What you should do
Could you write out every record below exactly, leaving the pictures out?

Data under study
◇ ◇ ◇ ◇ ◇

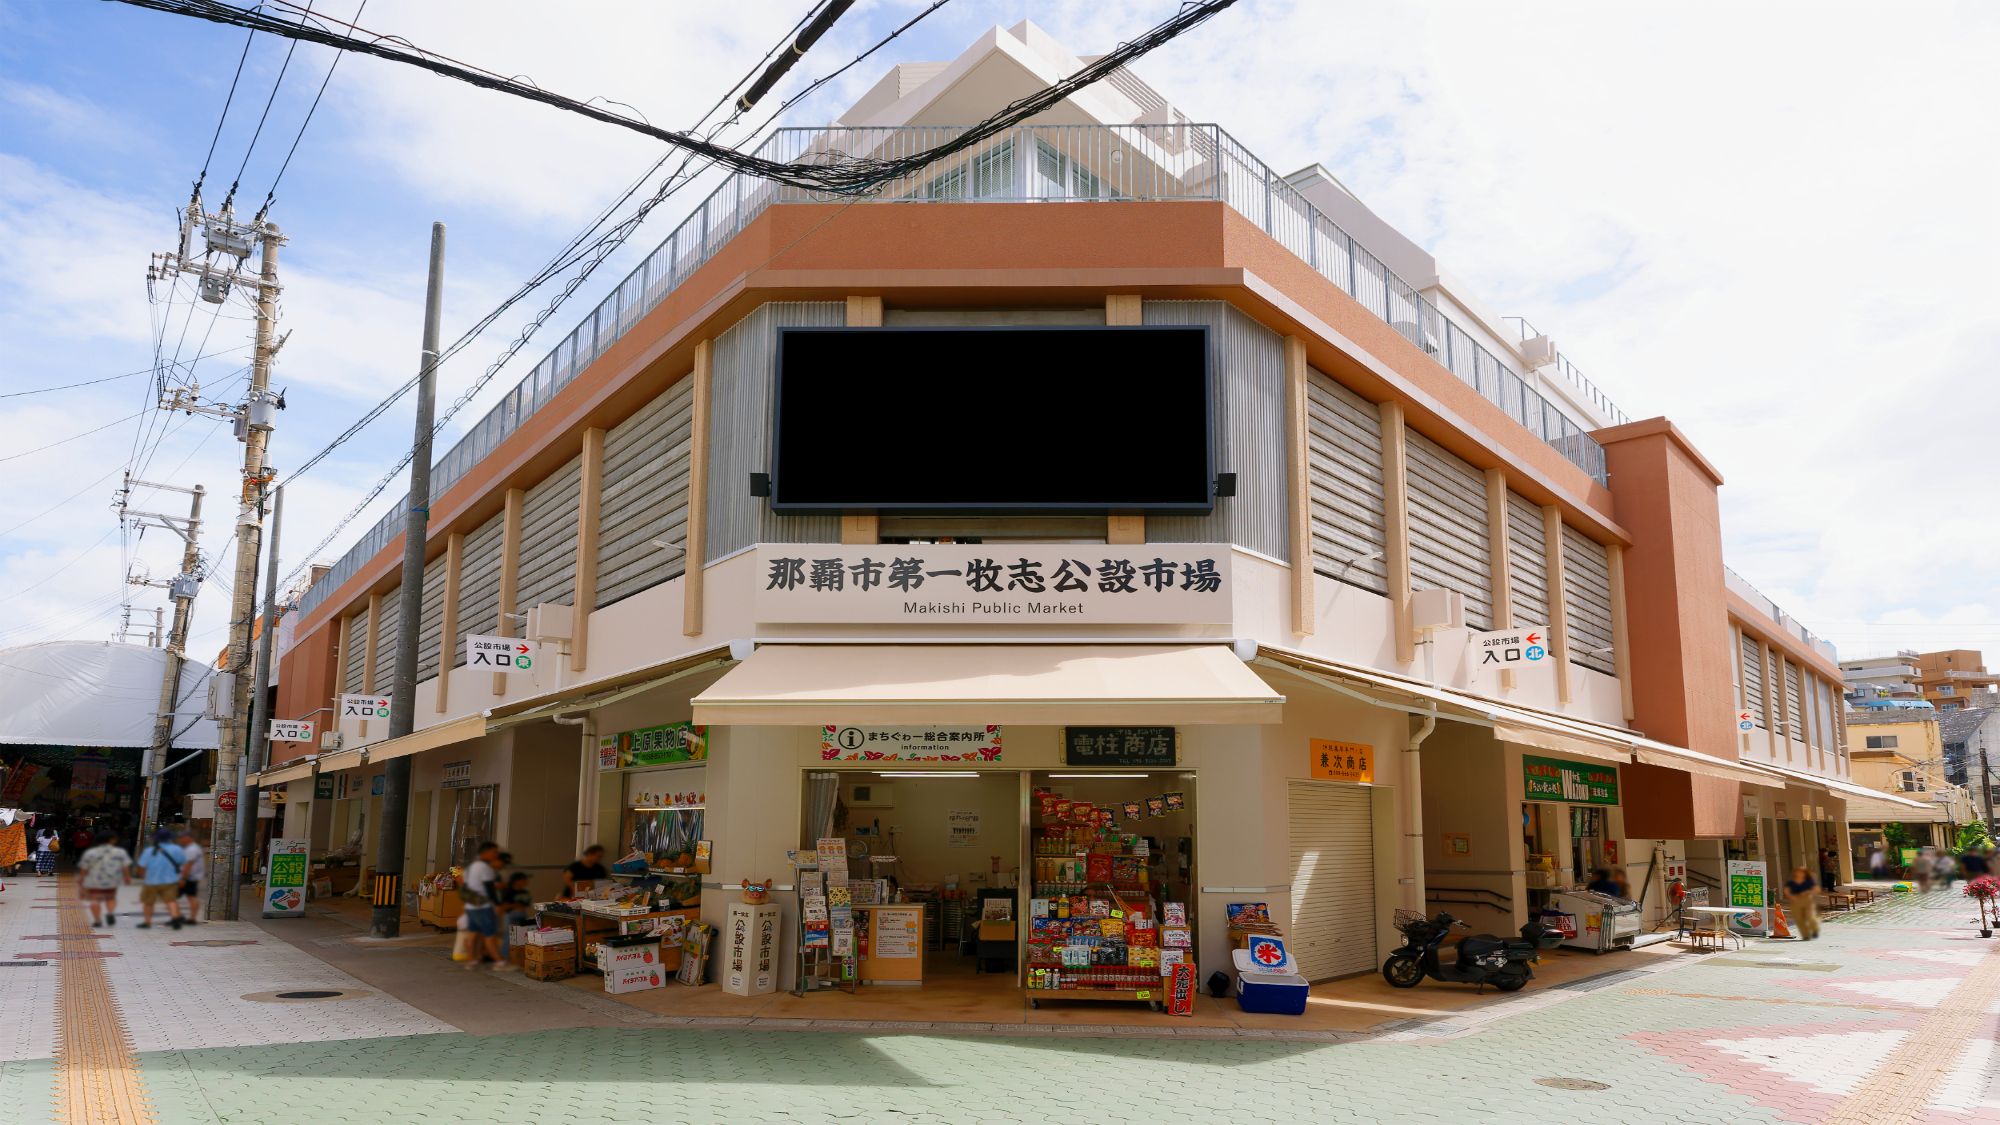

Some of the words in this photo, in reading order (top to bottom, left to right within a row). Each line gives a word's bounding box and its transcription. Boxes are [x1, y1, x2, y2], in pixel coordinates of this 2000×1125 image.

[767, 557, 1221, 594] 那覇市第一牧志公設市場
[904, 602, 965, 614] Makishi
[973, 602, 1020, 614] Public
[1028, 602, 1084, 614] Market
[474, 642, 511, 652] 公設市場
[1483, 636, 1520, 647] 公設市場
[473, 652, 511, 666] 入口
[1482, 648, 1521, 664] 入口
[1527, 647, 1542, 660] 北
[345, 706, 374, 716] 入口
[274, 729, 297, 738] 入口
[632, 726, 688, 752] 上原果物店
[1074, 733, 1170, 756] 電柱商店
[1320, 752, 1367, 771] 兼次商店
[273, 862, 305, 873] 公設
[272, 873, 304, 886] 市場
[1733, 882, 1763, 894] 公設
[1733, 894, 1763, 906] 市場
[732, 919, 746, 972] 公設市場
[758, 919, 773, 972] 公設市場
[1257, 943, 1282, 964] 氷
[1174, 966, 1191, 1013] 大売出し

◇ ◇ ◇ ◇ ◇

Final answer
Some of the words in this photo, in reading order (top to bottom, left to right within a row). Each line gives a word's bounding box and its transcription. Boxes are [x1, y1, x2, y2], in pixel coordinates of this 2000×1125 image.

[767, 557, 1221, 594] 那覇市第一牧志公設市場
[904, 602, 965, 614] Makishi
[973, 602, 1020, 614] Public
[1028, 602, 1084, 614] Market
[474, 642, 511, 652] 公設市場
[1483, 636, 1520, 647] 公設市場
[473, 652, 511, 666] 入口
[1482, 648, 1521, 664] 入口
[1527, 647, 1542, 660] 北
[345, 706, 374, 716] 入口
[274, 729, 297, 738] 入口
[632, 726, 688, 752] 上原果物店
[1074, 733, 1170, 756] 電柱商店
[1320, 752, 1367, 771] 兼次商店
[273, 862, 305, 873] 公設
[272, 873, 304, 886] 市場
[1733, 882, 1763, 894] 公設
[1733, 894, 1763, 906] 市場
[732, 919, 746, 972] 公設市場
[758, 919, 773, 972] 公設市場
[1257, 943, 1282, 964] 氷
[1174, 966, 1191, 1013] 大売出し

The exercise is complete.